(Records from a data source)
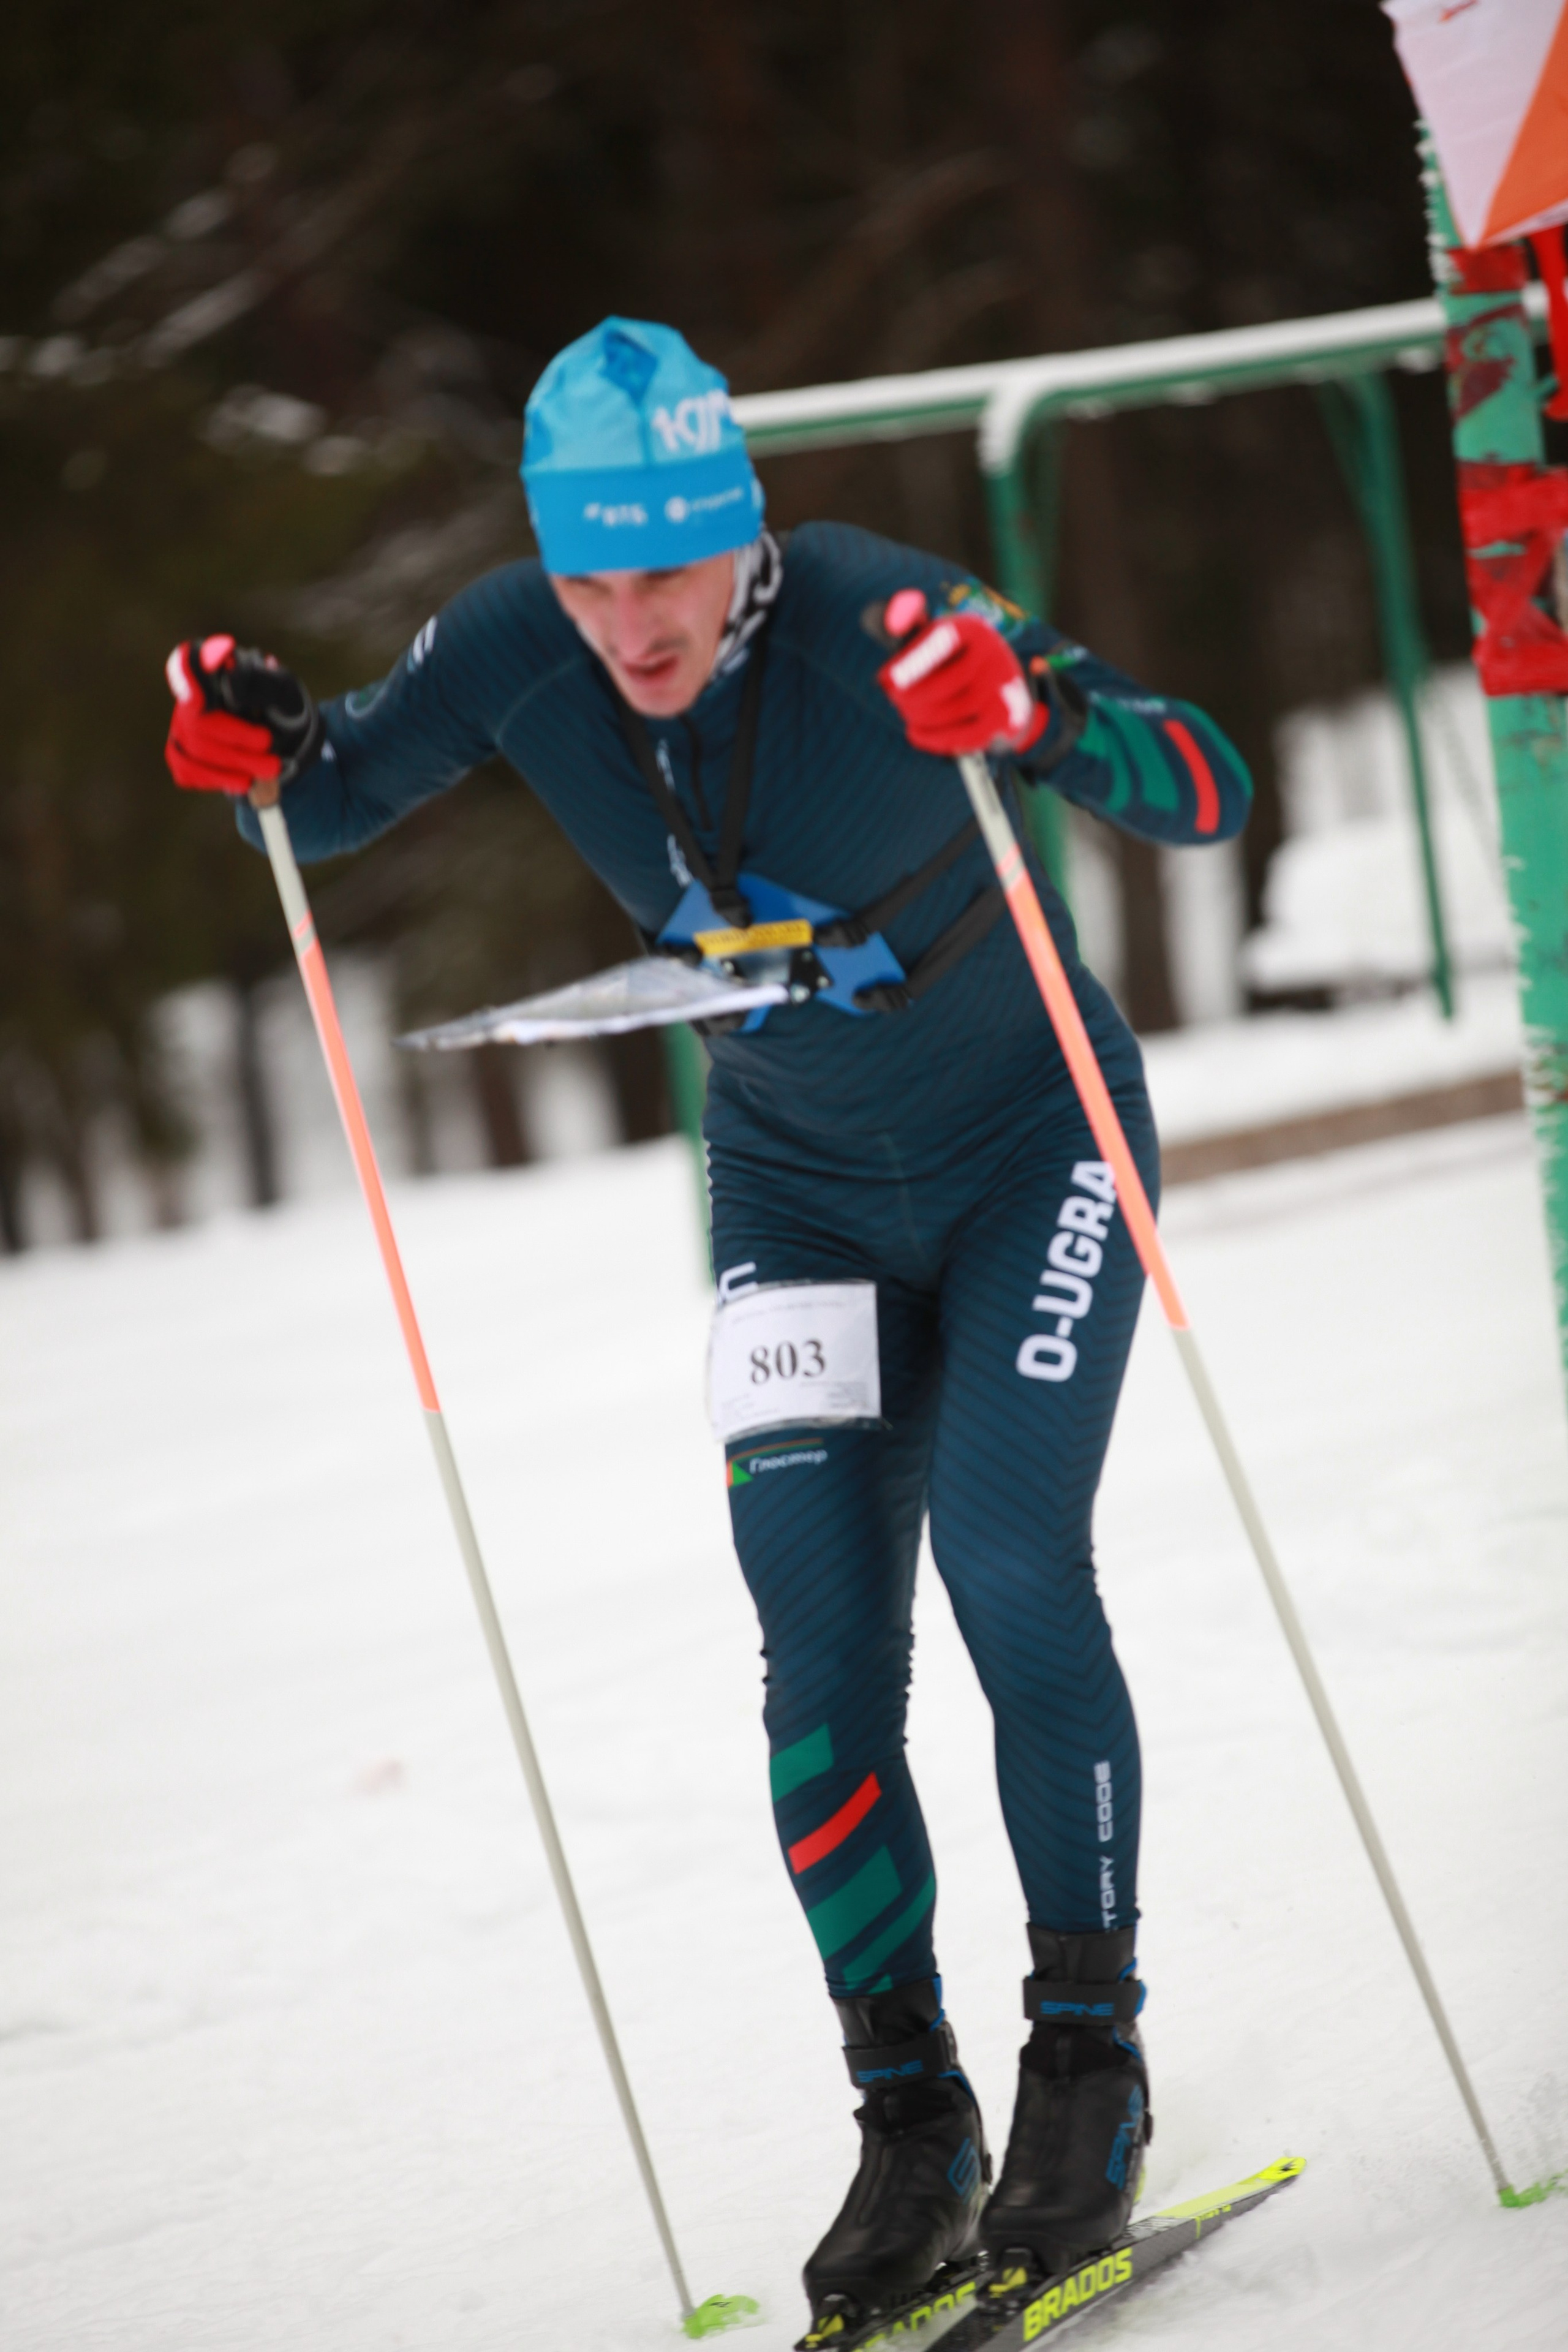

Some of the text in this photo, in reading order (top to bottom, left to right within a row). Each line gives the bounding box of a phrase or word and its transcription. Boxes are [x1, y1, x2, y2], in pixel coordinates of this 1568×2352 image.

[1015, 1160, 1117, 1383] O-UGRA
[750, 1337, 827, 1386] 803
[1099, 1855, 1118, 1931] TORY
[1023, 2246, 1133, 2342] BRADOS
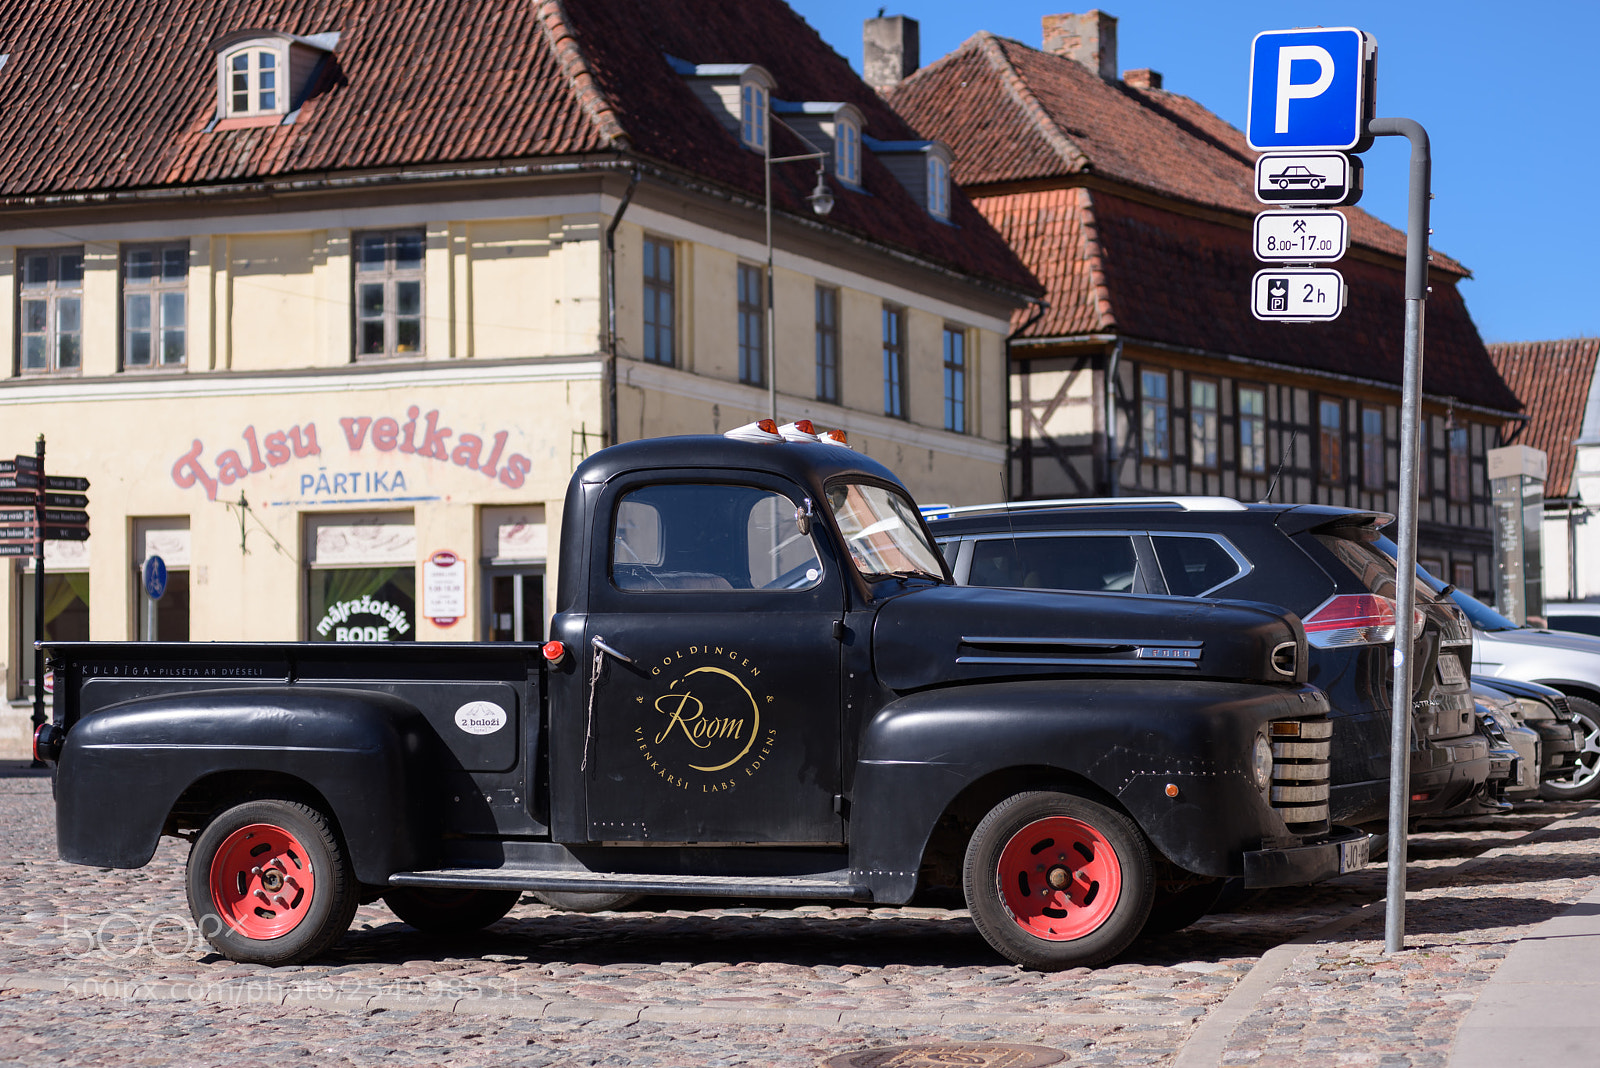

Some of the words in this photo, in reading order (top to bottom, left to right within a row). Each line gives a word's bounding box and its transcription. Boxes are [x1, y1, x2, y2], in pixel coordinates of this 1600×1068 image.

[1275, 45, 1335, 134] P
[1267, 235, 1332, 251] 8.00-17.00
[171, 422, 322, 501] Talsu
[339, 404, 532, 490] veikals
[300, 467, 407, 496] PĀRTIKA
[82, 664, 150, 675] KULDĪGA
[159, 667, 199, 676] PILSĒTA
[204, 668, 216, 676] AR
[221, 667, 263, 676] DVĒSELI
[651, 645, 761, 677] GOLDINGEN
[461, 718, 468, 727] 2
[654, 691, 744, 748] Room
[634, 726, 689, 790] VIENKĀRŠI
[703, 778, 736, 793] LABS
[745, 728, 777, 777] ĒDIENS
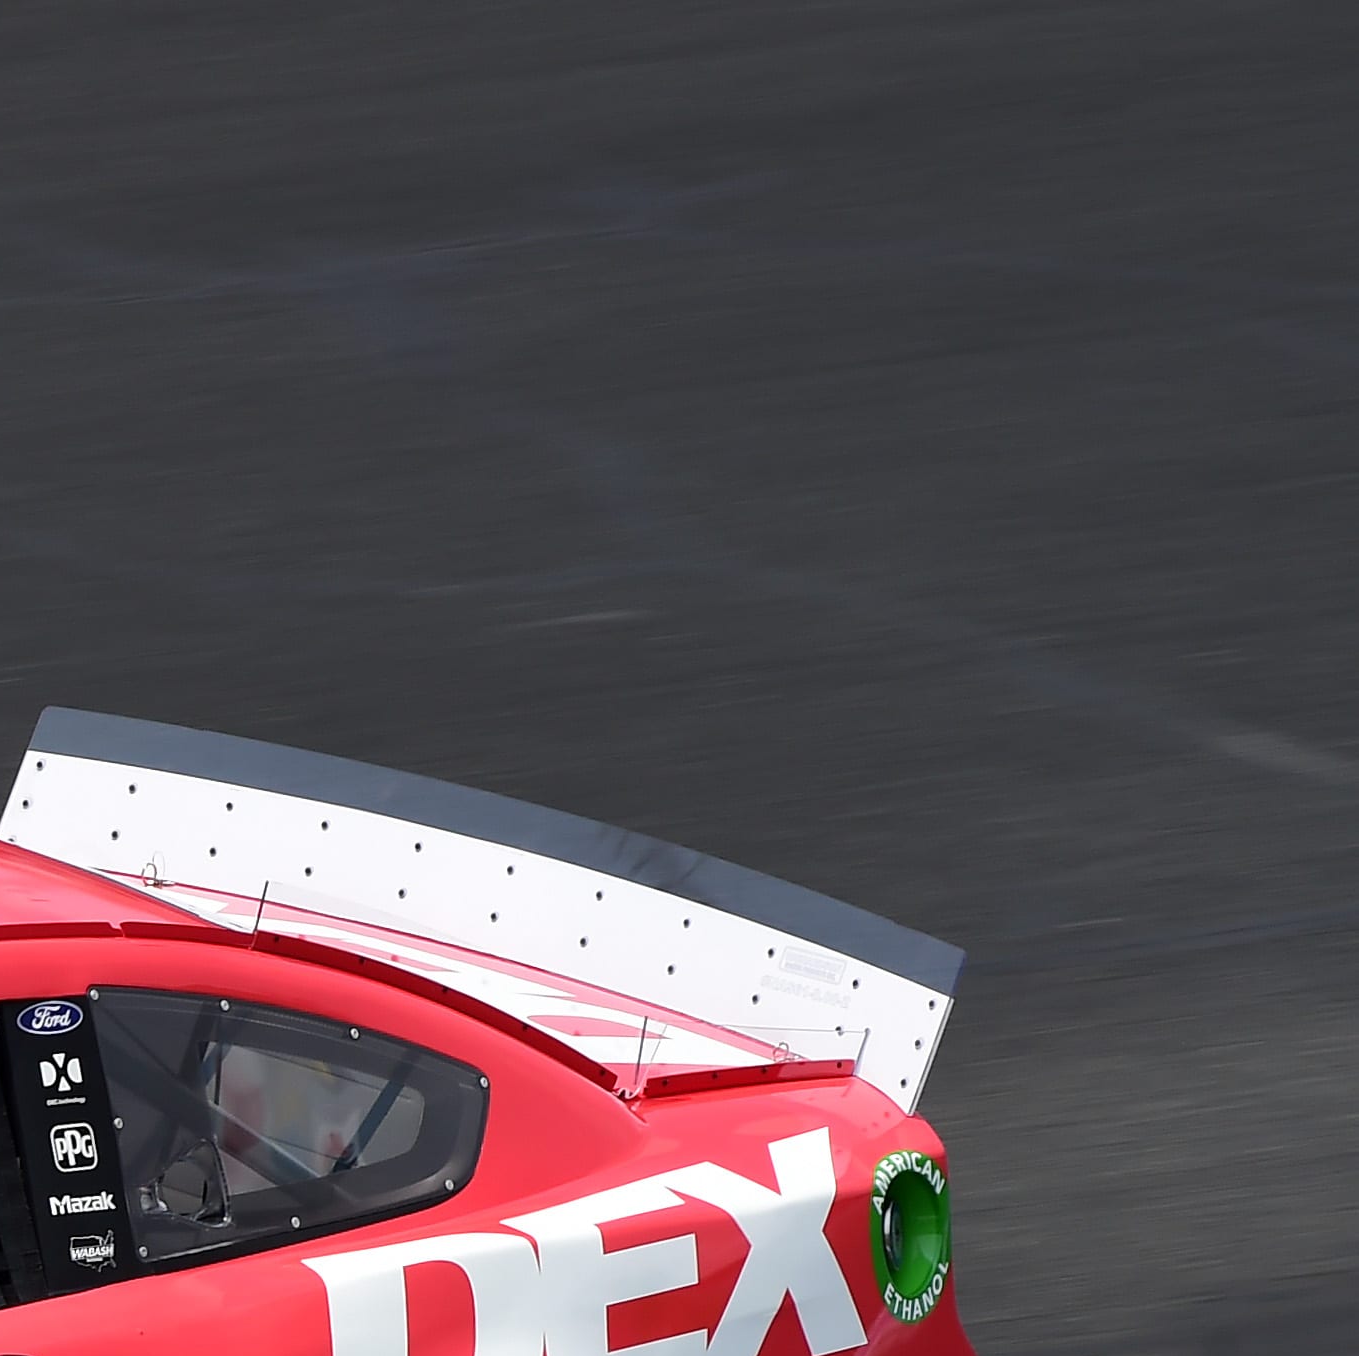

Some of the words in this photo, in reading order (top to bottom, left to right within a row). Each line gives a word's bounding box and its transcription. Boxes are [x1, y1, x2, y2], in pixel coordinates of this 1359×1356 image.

[30, 1003, 73, 1031] Ford
[54, 1130, 94, 1166] PPG
[873, 1151, 945, 1215] AMERICAN
[49, 1191, 116, 1216] Mazak
[71, 1245, 114, 1260] WABASH
[883, 1262, 950, 1321] ETHANOL

**What to do**. Please retype every record exactly, leaving the pictures out.

**Reply to the task**.
Some of the text in this photo, in reading order (top to bottom, left to right within a row). Each line gives the bounding box of a phrase or word and its transcription. Boxes are [x1, y1, x2, y2], in pixel coordinates of this 1568×2352 image.

[1015, 1160, 1117, 1383] O-UGRA
[750, 1337, 827, 1386] 803
[1099, 1855, 1118, 1931] TORY
[1023, 2246, 1133, 2342] BRADOS

Some of the words in this photo, in reading order (top to bottom, left to right within a row). Each line gives a word's bounding box and its transcription. Boxes are [x1, y1, x2, y2], in pixel coordinates of this 1600×1068 image.

[1275, 45, 1335, 134] P
[1267, 235, 1332, 251] 8.00-17.00
[171, 422, 322, 501] Talsu
[339, 404, 532, 490] veikals
[300, 467, 407, 496] PĀRTIKA
[82, 664, 150, 675] KULDĪGA
[159, 667, 199, 676] PILSĒTA
[204, 668, 216, 676] AR
[221, 667, 263, 676] DVĒSELI
[651, 645, 761, 677] GOLDINGEN
[461, 718, 468, 727] 2
[654, 691, 744, 748] Room
[634, 726, 689, 790] VIENKĀRŠI
[703, 778, 736, 793] LABS
[745, 728, 777, 777] ĒDIENS

Some of the words in this photo, in reading order (top to bottom, left to right within a row). Each line gives a word's bounding box and its transcription. Boxes are [x1, y1, x2, y2], in pixel coordinates of this 1359×1356 image.

[30, 1003, 73, 1031] Ford
[54, 1130, 94, 1166] PPG
[873, 1151, 945, 1215] AMERICAN
[49, 1191, 116, 1216] Mazak
[71, 1245, 114, 1260] WABASH
[883, 1262, 950, 1321] ETHANOL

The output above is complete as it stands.